Donaldson believes that post-Brexit, those involved in the negotiations are obligated to look at developing new relationships. Illustrating a desire to establish better relationships between the Northern Ireland Executive and the Irish Government, as well as the UK Government and Irish Government, he says that harm to the east-west relationship is upsetting the “delicate balance” of the three interlocking and inter-dependent relationships set out by the Good Friday Agreement and St Andrew’s Agreement.

“Let’s remove the harm that the Protocol is causing to that east-west relationship and that then opens up the opportunity to strengthen the relationships between the UK and Republic of Ireland. There are benefits for everyone by resolving this because we need political stability in Northern Ireland in order to secure economic stability and progress.”

Of course, frictions within the operation of the Northern Ireland Protocol must be viewed in the wider context of being a consequence of Brexit. Donaldson’s party not only campaigned for Brexit but held an influential position within Westminster at a time when the Government brought forward its various Brexit proposals.

Most notably, the DUP voted against former Prime Minister Theresa May’s agreement that would have retained the whole of the UK in the customs union and a backstop for Northern Ireland. So, with hindsight does the MP believe his party would have done anything differently?

“It was a frustrating period because we were clear that we wanted to support a Brexit that delivered for all of the UK and specifically for Northern Ireland,” he replies. “I’m afraid neither Mrs May’s backstop proposal nor Boris Johnson’s Protocol achieve those objectives, in my opinion.”

Conveniently, given the DUP’s past influence in Westminster, Donaldson says: “For me, rather than dwelling on the past and how we got here, my focus in on how we resolved these issues, how we overcome the challenges in front of us and how we get an outcome that works for Northern Ireland.

“I am encouraged that when I look back over our journey of the last 25 years that the mountains in front of us are certainly no bigger than those we have already climbed. I am confident we can get solutions that work for Northern Ireland but that does require us to work together. I want to work with other political parties in Northern Ireland, as well as the UK Government, to achieve these outcomes.”

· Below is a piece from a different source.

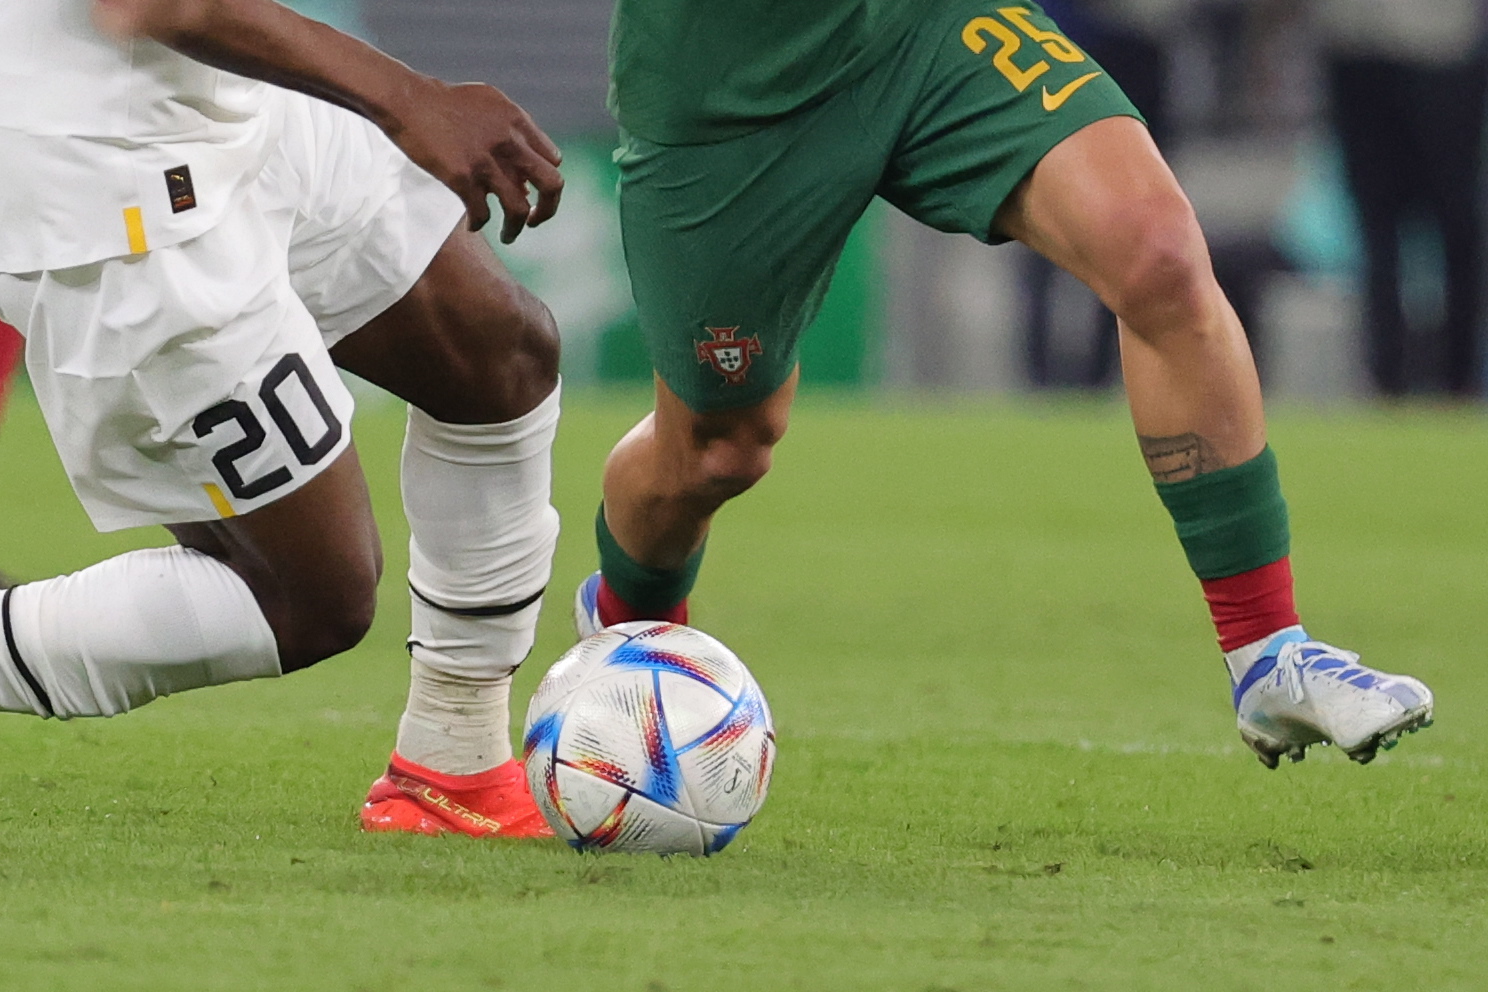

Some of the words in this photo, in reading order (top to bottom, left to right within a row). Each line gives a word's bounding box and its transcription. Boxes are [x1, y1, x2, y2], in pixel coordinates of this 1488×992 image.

Concluding on what tangible success as the DUP’s fifth leader may look like over the remainder on the Assembly mandate, Donaldson puts resolution around the Protocol and addressing legacy in a way that enables victims to have access to truth and justice while helping society move forward, at the top of his list.

Added to this he identifies economic recovery and reform of the health service as priorities. “We have come through a very difficult pandemic and even now, face a third wave. We need to handle that very carefully but, economic recovery is crucial for Northern Ireland now.

“Allied to that, reform of our health service is an absolute priority. While the NHS did very well during the pandemic, we are now seeing the consequences of having to close down society in terms of a marked increase in people with mental health problems but also people languishing on waiting lists,” he concludes.